Data excerpts:
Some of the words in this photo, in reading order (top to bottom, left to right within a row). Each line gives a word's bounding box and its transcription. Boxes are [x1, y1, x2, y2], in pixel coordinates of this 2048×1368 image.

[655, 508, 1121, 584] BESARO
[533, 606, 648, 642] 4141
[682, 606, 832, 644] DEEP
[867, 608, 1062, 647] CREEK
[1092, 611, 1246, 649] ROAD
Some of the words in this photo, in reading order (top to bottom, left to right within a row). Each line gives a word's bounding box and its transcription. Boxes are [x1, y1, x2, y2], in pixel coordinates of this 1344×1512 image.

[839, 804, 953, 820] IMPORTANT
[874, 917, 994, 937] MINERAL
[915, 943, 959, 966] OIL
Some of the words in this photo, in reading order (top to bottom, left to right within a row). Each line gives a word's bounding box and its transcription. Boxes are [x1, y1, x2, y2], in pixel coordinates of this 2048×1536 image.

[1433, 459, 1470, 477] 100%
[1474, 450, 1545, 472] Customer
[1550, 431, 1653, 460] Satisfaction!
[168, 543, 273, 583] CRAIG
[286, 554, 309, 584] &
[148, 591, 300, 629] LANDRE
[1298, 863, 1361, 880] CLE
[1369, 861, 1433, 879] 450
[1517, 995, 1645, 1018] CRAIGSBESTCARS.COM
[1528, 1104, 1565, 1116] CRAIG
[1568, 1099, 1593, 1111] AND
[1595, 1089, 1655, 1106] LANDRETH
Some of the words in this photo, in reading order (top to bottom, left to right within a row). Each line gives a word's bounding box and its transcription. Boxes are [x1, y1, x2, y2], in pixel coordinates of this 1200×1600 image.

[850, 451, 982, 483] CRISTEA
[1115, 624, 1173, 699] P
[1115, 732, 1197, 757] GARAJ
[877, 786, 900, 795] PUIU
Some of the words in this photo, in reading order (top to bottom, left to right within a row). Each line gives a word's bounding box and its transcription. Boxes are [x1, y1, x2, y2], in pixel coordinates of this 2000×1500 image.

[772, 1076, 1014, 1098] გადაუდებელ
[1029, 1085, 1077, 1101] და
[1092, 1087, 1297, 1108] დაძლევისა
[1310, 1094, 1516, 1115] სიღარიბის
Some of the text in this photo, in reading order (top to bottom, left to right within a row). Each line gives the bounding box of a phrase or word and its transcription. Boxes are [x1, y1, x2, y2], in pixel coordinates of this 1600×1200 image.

▶ **Work request**
Each line from the one containing "this 2000×1500 image." through the last line of the entries above is to be returned exactly, and no others.

▶ **Response area**
Some of the words in this photo, in reading order (top to bottom, left to right within a row). Each line gives a word's bounding box and its transcription. Boxes are [x1, y1, x2, y2], in pixel coordinates of this 2000×1500 image.

[772, 1076, 1014, 1098] გადაუდებელ
[1029, 1085, 1077, 1101] და
[1092, 1087, 1297, 1108] დაძლევისა
[1310, 1094, 1516, 1115] სიღარიბის
Some of the text in this photo, in reading order (top to bottom, left to right within a row). Each line gives the bounding box of a phrase or word and its transcription. Boxes are [x1, y1, x2, y2], in pixel coordinates of this 1600×1200 image.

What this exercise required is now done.